Items from a dataset:
= Beginning of Section =
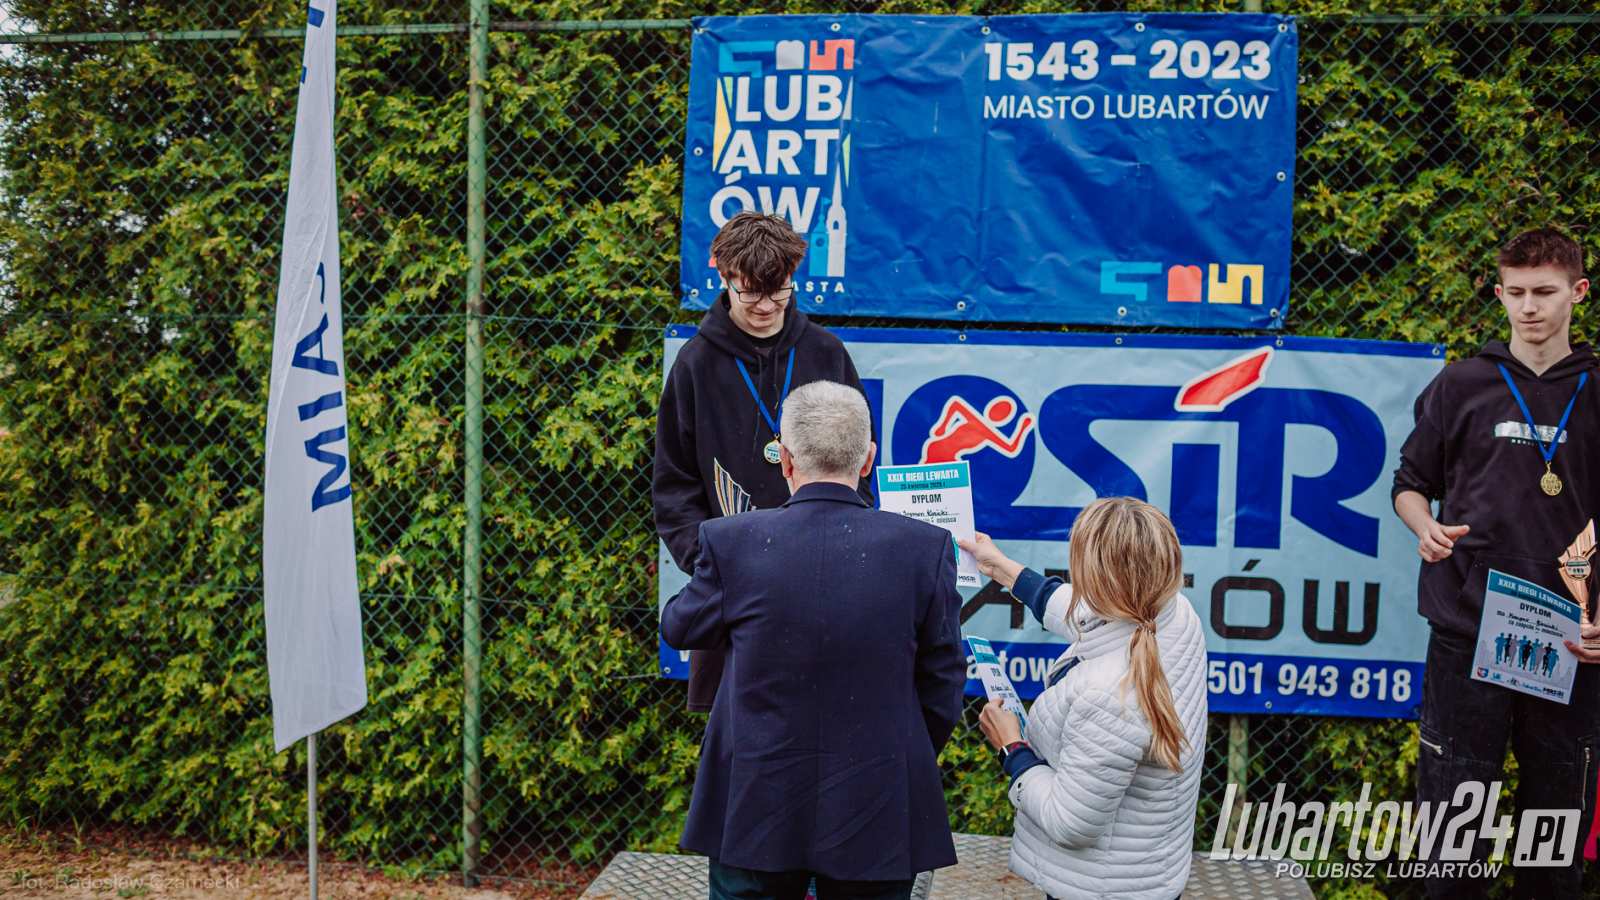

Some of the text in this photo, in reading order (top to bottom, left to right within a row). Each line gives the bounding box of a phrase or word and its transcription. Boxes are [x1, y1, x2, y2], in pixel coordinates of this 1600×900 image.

[984, 39, 1099, 81] 1543
[1149, 39, 1271, 80] 2023
[735, 75, 843, 122] LUB
[983, 88, 1270, 120] MIASTO LUBARTÓW
[718, 128, 839, 175] ART
[709, 170, 820, 234] ÓW
[911, 494, 942, 504] DYPLOM
[1519, 602, 1552, 618] DYPLOM
[1207, 659, 1412, 703] 501 943 818
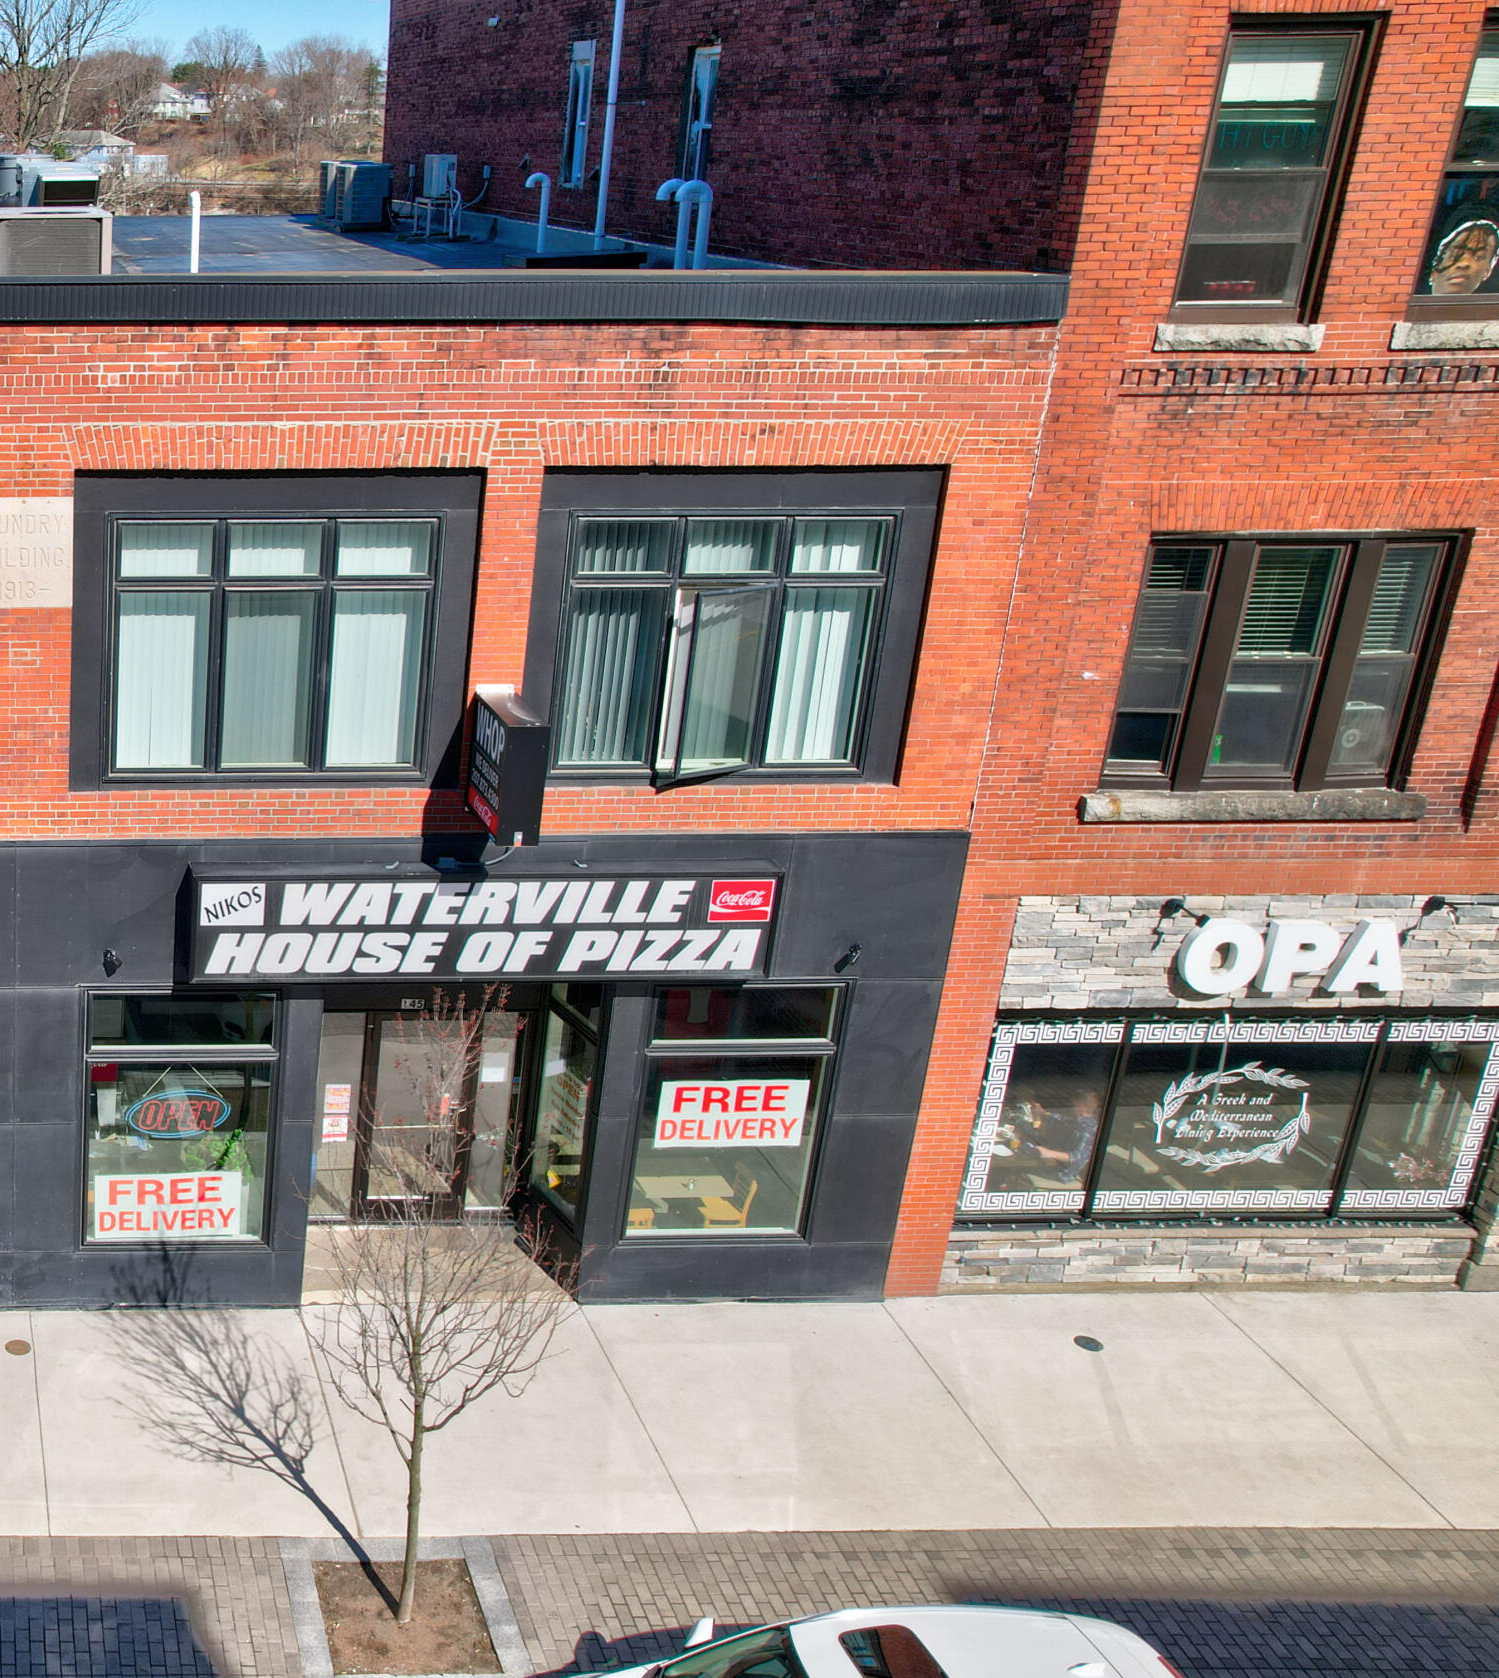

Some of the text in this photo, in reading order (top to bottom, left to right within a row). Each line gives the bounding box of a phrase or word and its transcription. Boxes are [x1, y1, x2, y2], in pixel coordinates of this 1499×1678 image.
= End of Section =
** Activity **
Your answer must be an exact copy of the records, free of images.

** Solved exercise **
Some of the text in this photo, in reading order (top to bottom, left to right within a row). Each line gives the bounding box of a phrase or word and its transcription. Boxes are [x1, y1, x2, y2], in pixel coordinates of this 1600×900 image.

[984, 39, 1099, 81] 1543
[1149, 39, 1271, 80] 2023
[735, 75, 843, 122] LUB
[983, 88, 1270, 120] MIASTO LUBARTÓW
[718, 128, 839, 175] ART
[709, 170, 820, 234] ÓW
[911, 494, 942, 504] DYPLOM
[1519, 602, 1552, 618] DYPLOM
[1207, 659, 1412, 703] 501 943 818

Some of the text in this photo, in reading order (top to bottom, left to right within a row). Each line gives the bounding box of a phrase or word and its transcription. Boxes are [x1, y1, x2, y2], in pixel coordinates of this 1499×1678 image.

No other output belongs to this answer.